#### PROBLEM
Set all of the entries down again precisely as they are written.

PROVIDED INFORMATION Block Start

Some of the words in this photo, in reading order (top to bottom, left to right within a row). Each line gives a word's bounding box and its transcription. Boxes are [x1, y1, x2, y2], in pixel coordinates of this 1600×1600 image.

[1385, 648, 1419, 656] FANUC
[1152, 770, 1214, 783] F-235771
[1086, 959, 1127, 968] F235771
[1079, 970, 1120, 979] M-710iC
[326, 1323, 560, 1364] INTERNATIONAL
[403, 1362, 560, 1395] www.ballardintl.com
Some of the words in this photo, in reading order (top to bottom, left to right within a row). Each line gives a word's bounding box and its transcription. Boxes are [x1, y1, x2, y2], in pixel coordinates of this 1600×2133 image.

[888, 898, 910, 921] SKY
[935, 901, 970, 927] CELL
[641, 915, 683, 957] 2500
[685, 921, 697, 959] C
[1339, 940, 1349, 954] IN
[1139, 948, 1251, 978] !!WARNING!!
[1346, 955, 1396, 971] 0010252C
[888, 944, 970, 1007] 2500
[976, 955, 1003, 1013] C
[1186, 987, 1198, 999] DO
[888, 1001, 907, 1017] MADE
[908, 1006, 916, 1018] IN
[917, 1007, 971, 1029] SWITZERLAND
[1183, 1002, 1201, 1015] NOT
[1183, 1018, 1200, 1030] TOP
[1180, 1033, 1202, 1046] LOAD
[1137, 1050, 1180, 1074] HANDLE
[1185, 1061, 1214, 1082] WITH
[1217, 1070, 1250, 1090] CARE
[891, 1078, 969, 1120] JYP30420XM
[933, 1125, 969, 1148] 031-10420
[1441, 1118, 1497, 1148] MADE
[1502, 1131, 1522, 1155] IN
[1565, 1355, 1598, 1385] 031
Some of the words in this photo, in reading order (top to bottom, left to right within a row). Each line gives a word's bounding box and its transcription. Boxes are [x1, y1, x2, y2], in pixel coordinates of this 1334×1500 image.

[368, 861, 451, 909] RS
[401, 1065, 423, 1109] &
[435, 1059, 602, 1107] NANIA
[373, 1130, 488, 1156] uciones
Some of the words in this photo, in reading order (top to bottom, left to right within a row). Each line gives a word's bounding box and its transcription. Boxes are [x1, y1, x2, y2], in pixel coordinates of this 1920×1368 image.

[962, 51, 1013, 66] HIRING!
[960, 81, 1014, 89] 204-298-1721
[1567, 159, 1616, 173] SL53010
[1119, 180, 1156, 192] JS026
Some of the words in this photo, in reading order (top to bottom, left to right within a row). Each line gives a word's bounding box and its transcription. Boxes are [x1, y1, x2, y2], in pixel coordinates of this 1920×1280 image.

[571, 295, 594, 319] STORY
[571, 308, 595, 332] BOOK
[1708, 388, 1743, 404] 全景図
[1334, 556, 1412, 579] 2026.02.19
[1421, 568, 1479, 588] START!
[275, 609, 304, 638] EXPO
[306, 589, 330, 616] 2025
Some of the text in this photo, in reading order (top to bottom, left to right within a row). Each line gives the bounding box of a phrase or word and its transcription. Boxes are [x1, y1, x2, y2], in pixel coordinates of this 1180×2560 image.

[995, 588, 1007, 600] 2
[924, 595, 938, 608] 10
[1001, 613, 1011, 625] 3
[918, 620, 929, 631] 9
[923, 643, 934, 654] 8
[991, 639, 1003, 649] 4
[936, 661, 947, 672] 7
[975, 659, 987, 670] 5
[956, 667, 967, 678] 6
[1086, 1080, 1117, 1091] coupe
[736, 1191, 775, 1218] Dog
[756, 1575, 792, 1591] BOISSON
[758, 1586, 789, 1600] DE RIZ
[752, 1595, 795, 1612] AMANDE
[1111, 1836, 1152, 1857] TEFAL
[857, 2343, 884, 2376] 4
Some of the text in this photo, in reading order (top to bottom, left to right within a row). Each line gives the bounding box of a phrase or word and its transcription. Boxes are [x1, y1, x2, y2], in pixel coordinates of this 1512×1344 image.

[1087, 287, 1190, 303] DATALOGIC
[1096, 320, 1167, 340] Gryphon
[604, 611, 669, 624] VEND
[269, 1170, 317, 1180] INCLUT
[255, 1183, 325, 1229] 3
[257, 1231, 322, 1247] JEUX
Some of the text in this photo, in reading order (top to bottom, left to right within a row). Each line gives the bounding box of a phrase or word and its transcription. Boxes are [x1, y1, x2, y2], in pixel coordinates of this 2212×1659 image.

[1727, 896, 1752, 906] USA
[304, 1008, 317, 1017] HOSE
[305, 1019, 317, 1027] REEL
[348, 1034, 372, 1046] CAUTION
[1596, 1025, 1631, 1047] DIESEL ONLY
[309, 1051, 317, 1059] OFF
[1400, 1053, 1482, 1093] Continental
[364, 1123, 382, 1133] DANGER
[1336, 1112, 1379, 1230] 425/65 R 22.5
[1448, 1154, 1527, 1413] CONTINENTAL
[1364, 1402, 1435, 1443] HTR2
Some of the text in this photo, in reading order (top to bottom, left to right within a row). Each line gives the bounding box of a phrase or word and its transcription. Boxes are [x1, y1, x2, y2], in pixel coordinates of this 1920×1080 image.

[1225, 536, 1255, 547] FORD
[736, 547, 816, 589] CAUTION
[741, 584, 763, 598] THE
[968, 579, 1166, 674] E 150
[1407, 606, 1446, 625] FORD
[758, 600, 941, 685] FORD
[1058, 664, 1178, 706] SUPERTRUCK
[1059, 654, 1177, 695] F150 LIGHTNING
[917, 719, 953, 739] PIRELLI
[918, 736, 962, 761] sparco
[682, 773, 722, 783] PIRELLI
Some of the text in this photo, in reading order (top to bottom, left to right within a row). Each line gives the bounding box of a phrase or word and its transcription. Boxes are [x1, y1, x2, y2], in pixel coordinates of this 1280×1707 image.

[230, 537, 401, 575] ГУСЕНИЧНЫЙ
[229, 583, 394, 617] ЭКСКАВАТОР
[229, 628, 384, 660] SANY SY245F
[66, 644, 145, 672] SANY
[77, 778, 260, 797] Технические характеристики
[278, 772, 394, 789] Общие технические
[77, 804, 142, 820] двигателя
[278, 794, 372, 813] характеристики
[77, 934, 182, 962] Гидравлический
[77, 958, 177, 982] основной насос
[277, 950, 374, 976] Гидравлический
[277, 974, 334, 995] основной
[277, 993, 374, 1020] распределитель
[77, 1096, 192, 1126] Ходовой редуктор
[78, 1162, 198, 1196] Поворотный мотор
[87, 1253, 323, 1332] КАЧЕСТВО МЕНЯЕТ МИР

PROVIDED INFORMATION Block End

#### SOLUTION TO THE EXERCISE
Some of the words in this photo, in reading order (top to bottom, left to right within a row). Each line gives a word's bounding box and its transcription. Boxes are [x1, y1, x2, y2], in pixel coordinates of this 1600×1600 image.

[1385, 648, 1419, 656] FANUC
[1152, 770, 1214, 783] F-235771
[1086, 959, 1127, 968] F235771
[1079, 970, 1120, 979] M-710iC
[326, 1323, 560, 1364] INTERNATIONAL
[403, 1362, 560, 1395] www.ballardintl.com
Some of the words in this photo, in reading order (top to bottom, left to right within a row). Each line gives a word's bounding box and its transcription. Boxes are [x1, y1, x2, y2], in pixel coordinates of this 1600×2133 image.

[888, 898, 910, 921] SKY
[935, 901, 970, 927] CELL
[641, 915, 683, 957] 2500
[685, 921, 697, 959] C
[1339, 940, 1349, 954] IN
[1139, 948, 1251, 978] !!WARNING!!
[1346, 955, 1396, 971] 0010252C
[888, 944, 970, 1007] 2500
[976, 955, 1003, 1013] C
[1186, 987, 1198, 999] DO
[888, 1001, 907, 1017] MADE
[908, 1006, 916, 1018] IN
[917, 1007, 971, 1029] SWITZERLAND
[1183, 1002, 1201, 1015] NOT
[1183, 1018, 1200, 1030] TOP
[1180, 1033, 1202, 1046] LOAD
[1137, 1050, 1180, 1074] HANDLE
[1185, 1061, 1214, 1082] WITH
[1217, 1070, 1250, 1090] CARE
[891, 1078, 969, 1120] JYP30420XM
[933, 1125, 969, 1148] 031-10420
[1441, 1118, 1497, 1148] MADE
[1502, 1131, 1522, 1155] IN
[1565, 1355, 1598, 1385] 031
Some of the words in this photo, in reading order (top to bottom, left to right within a row). Each line gives a word's bounding box and its transcription. Boxes are [x1, y1, x2, y2], in pixel coordinates of this 1334×1500 image.

[368, 861, 451, 909] RS
[401, 1065, 423, 1109] &
[435, 1059, 602, 1107] NANIA
[373, 1130, 488, 1156] uciones
Some of the words in this photo, in reading order (top to bottom, left to right within a row). Each line gives a word's bounding box and its transcription. Boxes are [x1, y1, x2, y2], in pixel coordinates of this 1920×1368 image.

[962, 51, 1013, 66] HIRING!
[960, 81, 1014, 89] 204-298-1721
[1567, 159, 1616, 173] SL53010
[1119, 180, 1156, 192] JS026
Some of the words in this photo, in reading order (top to bottom, left to right within a row). Each line gives a word's bounding box and its transcription. Boxes are [x1, y1, x2, y2], in pixel coordinates of this 1920×1280 image.

[571, 295, 594, 319] STORY
[571, 308, 595, 332] BOOK
[1708, 388, 1743, 404] 全景図
[1334, 556, 1412, 579] 2026.02.19
[1421, 568, 1479, 588] START!
[275, 609, 304, 638] EXPO
[306, 589, 330, 616] 2025
Some of the text in this photo, in reading order (top to bottom, left to right within a row). Each line gives the bounding box of a phrase or word and its transcription. Boxes are [x1, y1, x2, y2], in pixel coordinates of this 1180×2560 image.

[995, 588, 1007, 600] 2
[924, 595, 938, 608] 10
[1001, 613, 1011, 625] 3
[918, 620, 929, 631] 9
[923, 643, 934, 654] 8
[991, 639, 1003, 649] 4
[936, 661, 947, 672] 7
[975, 659, 987, 670] 5
[956, 667, 967, 678] 6
[1086, 1080, 1117, 1091] coupe
[736, 1191, 775, 1218] Dog
[756, 1575, 792, 1591] BOISSON
[758, 1586, 789, 1600] DE RIZ
[752, 1595, 795, 1612] AMANDE
[1111, 1836, 1152, 1857] TEFAL
[857, 2343, 884, 2376] 4
Some of the text in this photo, in reading order (top to bottom, left to right within a row). Each line gives the bounding box of a phrase or word and its transcription. Boxes are [x1, y1, x2, y2], in pixel coordinates of this 1512×1344 image.

[1087, 287, 1190, 303] DATALOGIC
[1096, 320, 1167, 340] Gryphon
[604, 611, 669, 624] VEND
[269, 1170, 317, 1180] INCLUT
[255, 1183, 325, 1229] 3
[257, 1231, 322, 1247] JEUX
Some of the text in this photo, in reading order (top to bottom, left to right within a row). Each line gives the bounding box of a phrase or word and its transcription. Boxes are [x1, y1, x2, y2], in pixel coordinates of this 2212×1659 image.

[1727, 896, 1752, 906] USA
[304, 1008, 317, 1017] HOSE
[305, 1019, 317, 1027] REEL
[348, 1034, 372, 1046] CAUTION
[1596, 1025, 1631, 1047] DIESEL ONLY
[309, 1051, 317, 1059] OFF
[1400, 1053, 1482, 1093] Continental
[364, 1123, 382, 1133] DANGER
[1336, 1112, 1379, 1230] 425/65 R 22.5
[1448, 1154, 1527, 1413] CONTINENTAL
[1364, 1402, 1435, 1443] HTR2
Some of the text in this photo, in reading order (top to bottom, left to right within a row). Each line gives the bounding box of a phrase or word and its transcription. Boxes are [x1, y1, x2, y2], in pixel coordinates of this 1920×1080 image.

[1225, 536, 1255, 547] FORD
[736, 547, 816, 589] CAUTION
[741, 584, 763, 598] THE
[968, 579, 1166, 674] E 150
[1407, 606, 1446, 625] FORD
[758, 600, 941, 685] FORD
[1058, 664, 1178, 706] SUPERTRUCK
[1059, 654, 1177, 695] F150 LIGHTNING
[917, 719, 953, 739] PIRELLI
[918, 736, 962, 761] sparco
[682, 773, 722, 783] PIRELLI
Some of the text in this photo, in reading order (top to bottom, left to right within a row). Each line gives the bounding box of a phrase or word and its transcription. Boxes are [x1, y1, x2, y2], in pixel coordinates of this 1280×1707 image.

[230, 537, 401, 575] ГУСЕНИЧНЫЙ
[229, 583, 394, 617] ЭКСКАВАТОР
[229, 628, 384, 660] SANY SY245F
[66, 644, 145, 672] SANY
[77, 778, 260, 797] Технические характеристики
[278, 772, 394, 789] Общие технические
[77, 804, 142, 820] двигателя
[278, 794, 372, 813] характеристики
[77, 934, 182, 962] Гидравлический
[77, 958, 177, 982] основной насос
[277, 950, 374, 976] Гидравлический
[277, 974, 334, 995] основной
[277, 993, 374, 1020] распределитель
[77, 1096, 192, 1126] Ходовой редуктор
[78, 1162, 198, 1196] Поворотный мотор
[87, 1253, 323, 1332] КАЧЕСТВО МЕНЯЕТ МИР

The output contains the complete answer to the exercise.